In today’s business environment, an explosion of varied communication, hardware and mobile device options as well as adoption of cloud and hosted applications has made the IT service provider’s role more complex than ever. Our IT Service Provider Benchmarking Study found that this evolution has led to demand for new services and a shift in client business and budgeting priorities – both positive developments for IT service firms.

More than 67.3% of survey respondents found that the expansion of cloud and hosted applications was driving the greatest change in demand for services. Mobile connectivity was another critical driver to 57.7% of respondents. Integrating devices, platforms, applications and other elements of IT infrastructure has led to expanded demands on the network, and, in turn, increased business opportunities for 48.1% of respondents. Finally, the “bring your own device” (BYOD) era has created an important business opportunity, cited by 36.5% of respondents.

The good news is clients are willing to allocate more of their budgets to these growth areas. According to our study, 67.3% of the ITSPs polled reported that their clients were prioritizing the need to support cloud-based apps in budgeting and business priorities, and supporting BYOD environments, also known as “the consumerization of IT,” is also a customer priority according to 42.3% of IT service provider respondents.

As greater demand emerges for integrating such systems and devices with existing IT infrastructures, the role of the IT service provider is changing. Such complex environments need to be planned and managed to ensure effective and seamless integration of services. Many IT service providers are acting as trusted counselors and consultants, helping companies integrate and scale their infrastructures, rather than reactive problem-solvers who are called in when the company has an IT problem or emergency.

As customers reevaluate their budgeting priorities, many recognize the increasing value of flattening their out-sourced IT investment: 53.1% of survey respondents saw the most potential for growth in 2013 in managed services contracts, which are recurring revenue based engagements with specific service level agreements.

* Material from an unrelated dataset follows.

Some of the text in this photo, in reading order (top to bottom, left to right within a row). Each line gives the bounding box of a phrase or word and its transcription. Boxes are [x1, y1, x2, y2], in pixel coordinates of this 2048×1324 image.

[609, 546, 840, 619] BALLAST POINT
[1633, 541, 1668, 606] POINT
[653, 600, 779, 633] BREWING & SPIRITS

The survey results show that IT systems and device integration is changing both the opportunities for IT providers and the business relationship with IT customers. As the landscape shifts, the move to managed service contracts is a “win” for both sides: Customers receive gain the benefit of deeply integrated IT resources without the overhead of enterprise IT, and IT service providers are able to flatten their revenue and embed themselves in their clients’ organization minimizing attrition and creating more dependable revenue streams.